Exercise requirements: Every line of the data below should be printed exactly.

Given records:
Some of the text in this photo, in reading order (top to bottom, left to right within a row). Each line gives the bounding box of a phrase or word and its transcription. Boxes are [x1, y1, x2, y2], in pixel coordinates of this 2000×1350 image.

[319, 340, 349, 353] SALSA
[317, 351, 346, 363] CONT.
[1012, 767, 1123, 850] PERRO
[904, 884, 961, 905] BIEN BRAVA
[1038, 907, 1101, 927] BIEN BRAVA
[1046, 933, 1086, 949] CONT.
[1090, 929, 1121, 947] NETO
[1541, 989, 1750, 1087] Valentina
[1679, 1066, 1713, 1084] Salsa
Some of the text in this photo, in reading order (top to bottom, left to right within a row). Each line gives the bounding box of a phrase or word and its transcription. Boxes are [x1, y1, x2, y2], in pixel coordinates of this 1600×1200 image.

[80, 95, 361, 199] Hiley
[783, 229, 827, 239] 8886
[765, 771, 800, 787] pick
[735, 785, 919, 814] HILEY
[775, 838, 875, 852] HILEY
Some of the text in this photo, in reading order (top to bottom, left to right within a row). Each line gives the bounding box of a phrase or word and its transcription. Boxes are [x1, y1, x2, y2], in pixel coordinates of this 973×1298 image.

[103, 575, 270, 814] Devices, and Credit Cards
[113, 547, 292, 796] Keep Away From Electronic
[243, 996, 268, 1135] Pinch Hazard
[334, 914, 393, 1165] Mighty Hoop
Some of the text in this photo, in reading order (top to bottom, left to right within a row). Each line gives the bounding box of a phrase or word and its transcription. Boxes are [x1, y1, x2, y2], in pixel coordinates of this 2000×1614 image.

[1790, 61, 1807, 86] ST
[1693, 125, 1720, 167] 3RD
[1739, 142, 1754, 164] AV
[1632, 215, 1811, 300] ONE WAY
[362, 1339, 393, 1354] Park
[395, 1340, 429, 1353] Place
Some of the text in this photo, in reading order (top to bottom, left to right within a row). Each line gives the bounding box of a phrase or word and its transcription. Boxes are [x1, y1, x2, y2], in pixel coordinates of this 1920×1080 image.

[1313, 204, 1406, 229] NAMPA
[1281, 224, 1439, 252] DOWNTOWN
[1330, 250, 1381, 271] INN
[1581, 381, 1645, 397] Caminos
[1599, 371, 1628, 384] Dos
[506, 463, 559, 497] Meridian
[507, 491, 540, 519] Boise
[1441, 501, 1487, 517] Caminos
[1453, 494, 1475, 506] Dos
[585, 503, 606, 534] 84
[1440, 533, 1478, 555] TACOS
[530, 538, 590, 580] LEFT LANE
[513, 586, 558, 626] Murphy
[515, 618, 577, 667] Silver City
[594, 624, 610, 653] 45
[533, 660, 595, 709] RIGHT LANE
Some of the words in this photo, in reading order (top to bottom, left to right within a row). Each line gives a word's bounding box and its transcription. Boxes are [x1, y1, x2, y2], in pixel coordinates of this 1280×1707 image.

Answer area:
Some of the text in this photo, in reading order (top to bottom, left to right within a row). Each line gives the bounding box of a phrase or word and its transcription. Boxes are [x1, y1, x2, y2], in pixel coordinates of this 2000×1350 image.

[319, 340, 349, 353] SALSA
[317, 351, 346, 363] CONT.
[1012, 767, 1123, 850] PERRO
[904, 884, 961, 905] BIEN BRAVA
[1038, 907, 1101, 927] BIEN BRAVA
[1046, 933, 1086, 949] CONT.
[1090, 929, 1121, 947] NETO
[1541, 989, 1750, 1087] Valentina
[1679, 1066, 1713, 1084] Salsa
Some of the text in this photo, in reading order (top to bottom, left to right within a row). Each line gives the bounding box of a phrase or word and its transcription. Boxes are [x1, y1, x2, y2], in pixel coordinates of this 1600×1200 image.

[80, 95, 361, 199] Hiley
[783, 229, 827, 239] 8886
[765, 771, 800, 787] pick
[735, 785, 919, 814] HILEY
[775, 838, 875, 852] HILEY
Some of the text in this photo, in reading order (top to bottom, left to right within a row). Each line gives the bounding box of a phrase or word and its transcription. Boxes are [x1, y1, x2, y2], in pixel coordinates of this 973×1298 image.

[103, 575, 270, 814] Devices, and Credit Cards
[113, 547, 292, 796] Keep Away From Electronic
[243, 996, 268, 1135] Pinch Hazard
[334, 914, 393, 1165] Mighty Hoop
Some of the text in this photo, in reading order (top to bottom, left to right within a row). Each line gives the bounding box of a phrase or word and its transcription. Boxes are [x1, y1, x2, y2], in pixel coordinates of this 2000×1614 image.

[1790, 61, 1807, 86] ST
[1693, 125, 1720, 167] 3RD
[1739, 142, 1754, 164] AV
[1632, 215, 1811, 300] ONE WAY
[362, 1339, 393, 1354] Park
[395, 1340, 429, 1353] Place
Some of the text in this photo, in reading order (top to bottom, left to right within a row). Each line gives the bounding box of a phrase or word and its transcription. Boxes are [x1, y1, x2, y2], in pixel coordinates of this 1920×1080 image.

[1313, 204, 1406, 229] NAMPA
[1281, 224, 1439, 252] DOWNTOWN
[1330, 250, 1381, 271] INN
[1581, 381, 1645, 397] Caminos
[1599, 371, 1628, 384] Dos
[506, 463, 559, 497] Meridian
[507, 491, 540, 519] Boise
[1441, 501, 1487, 517] Caminos
[1453, 494, 1475, 506] Dos
[585, 503, 606, 534] 84
[1440, 533, 1478, 555] TACOS
[530, 538, 590, 580] LEFT LANE
[513, 586, 558, 626] Murphy
[515, 618, 577, 667] Silver City
[594, 624, 610, 653] 45
[533, 660, 595, 709] RIGHT LANE
Some of the words in this photo, in reading order (top to bottom, left to right within a row). Each line gives a word's bounding box and its transcription. Boxes are [x1, y1, x2, y2], in pixel coordinates of this 1280×1707 image.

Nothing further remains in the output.